[What is needed]: Give the data again in full, without pictures.

[Material provided]:
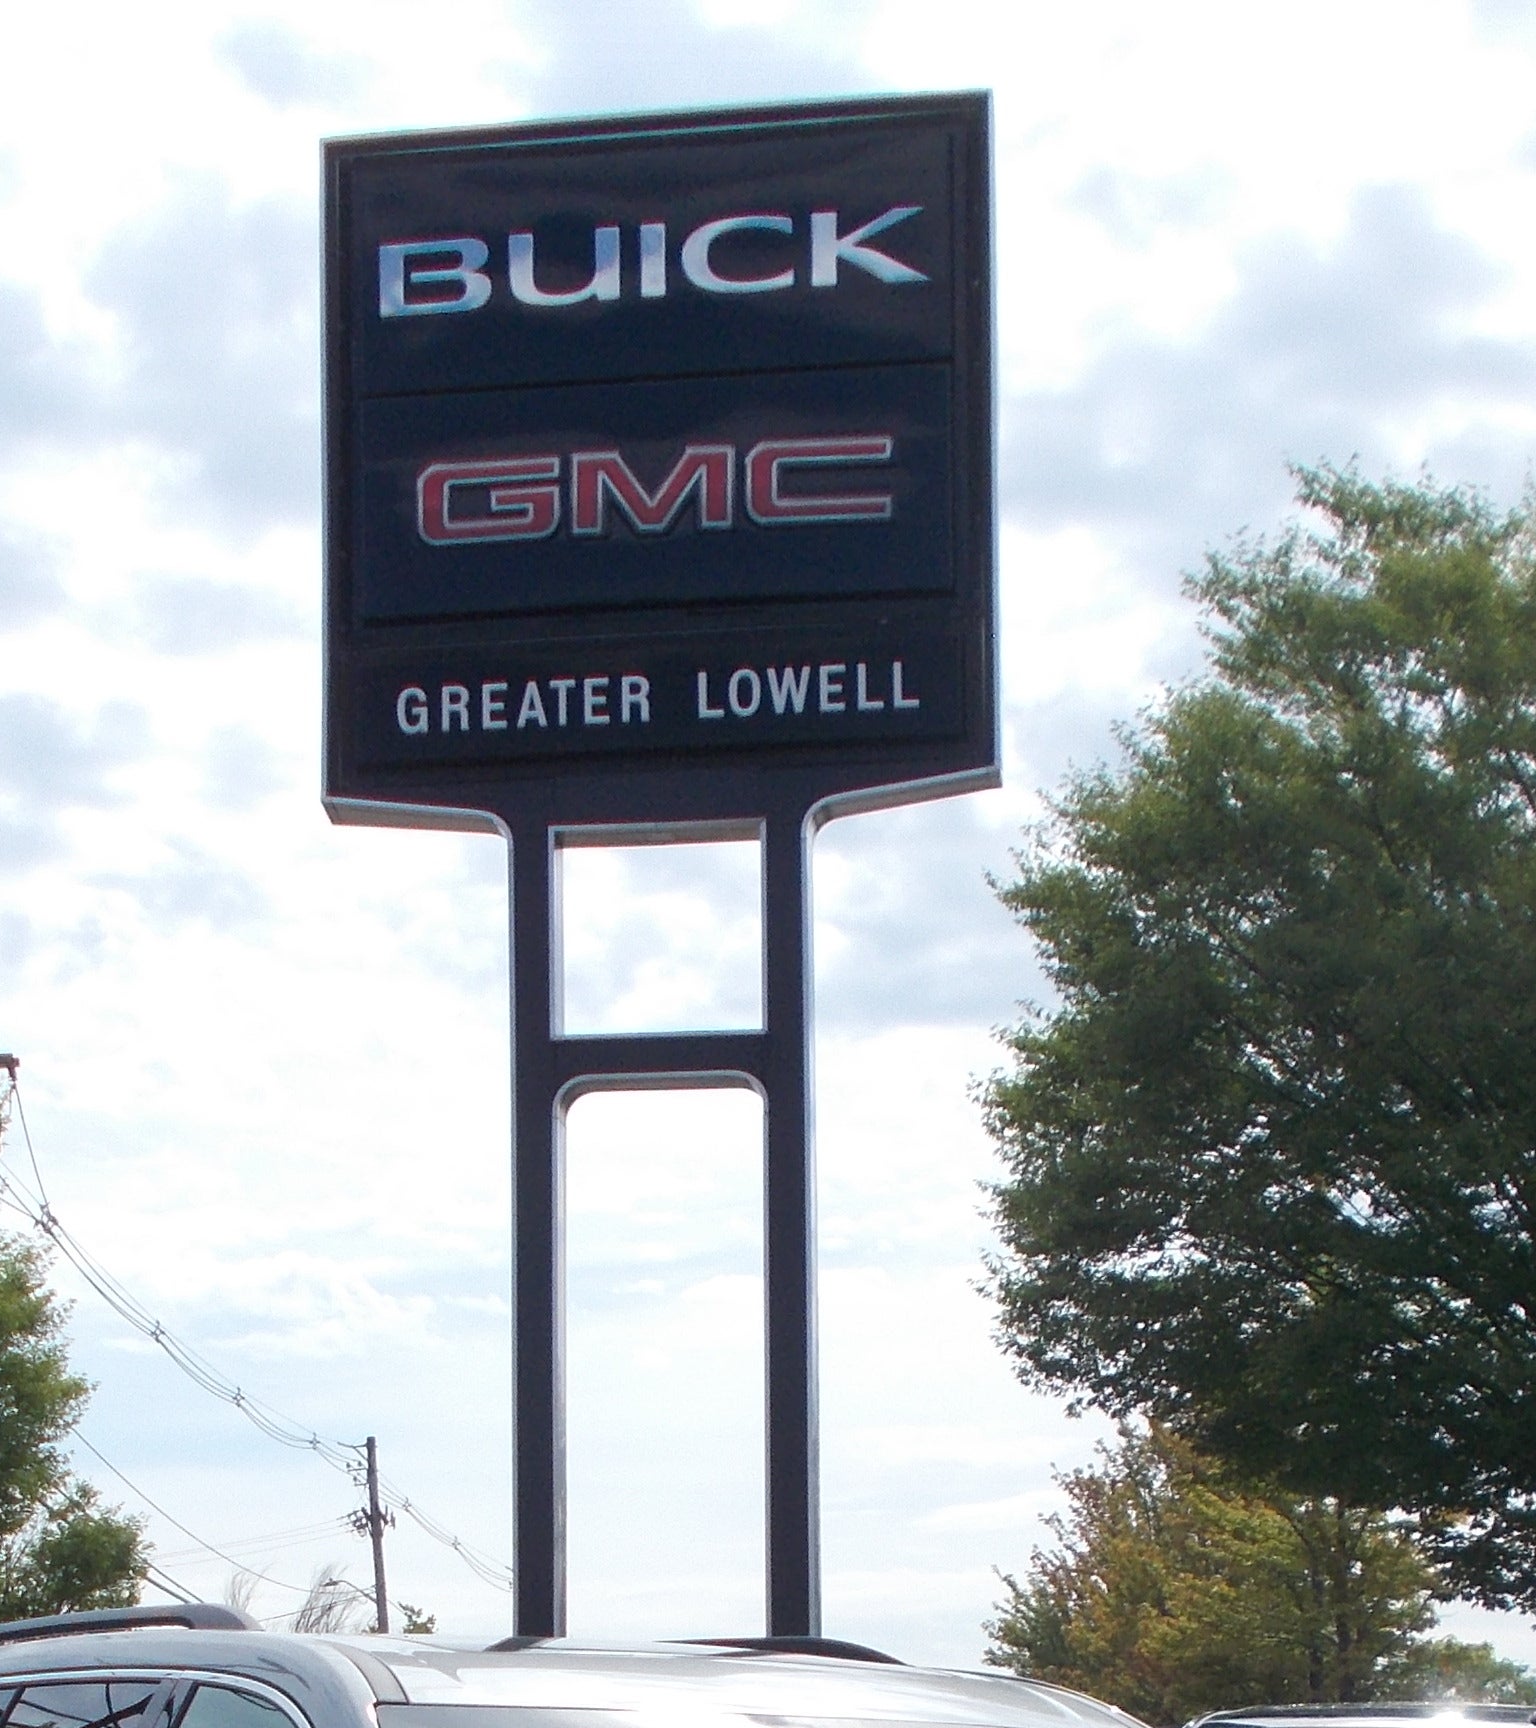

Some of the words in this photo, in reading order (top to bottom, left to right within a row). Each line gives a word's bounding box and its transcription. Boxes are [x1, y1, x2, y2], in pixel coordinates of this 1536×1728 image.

[378, 205, 932, 318] BUICK
[416, 436, 892, 546] GMC
[396, 673, 651, 735] GREATER
[697, 661, 920, 720] LOWELL

[Completed task]:
Some of the words in this photo, in reading order (top to bottom, left to right within a row). Each line gives a word's bounding box and its transcription. Boxes are [x1, y1, x2, y2], in pixel coordinates of this 1536×1728 image.

[378, 205, 932, 318] BUICK
[416, 436, 892, 546] GMC
[396, 673, 651, 735] GREATER
[697, 661, 920, 720] LOWELL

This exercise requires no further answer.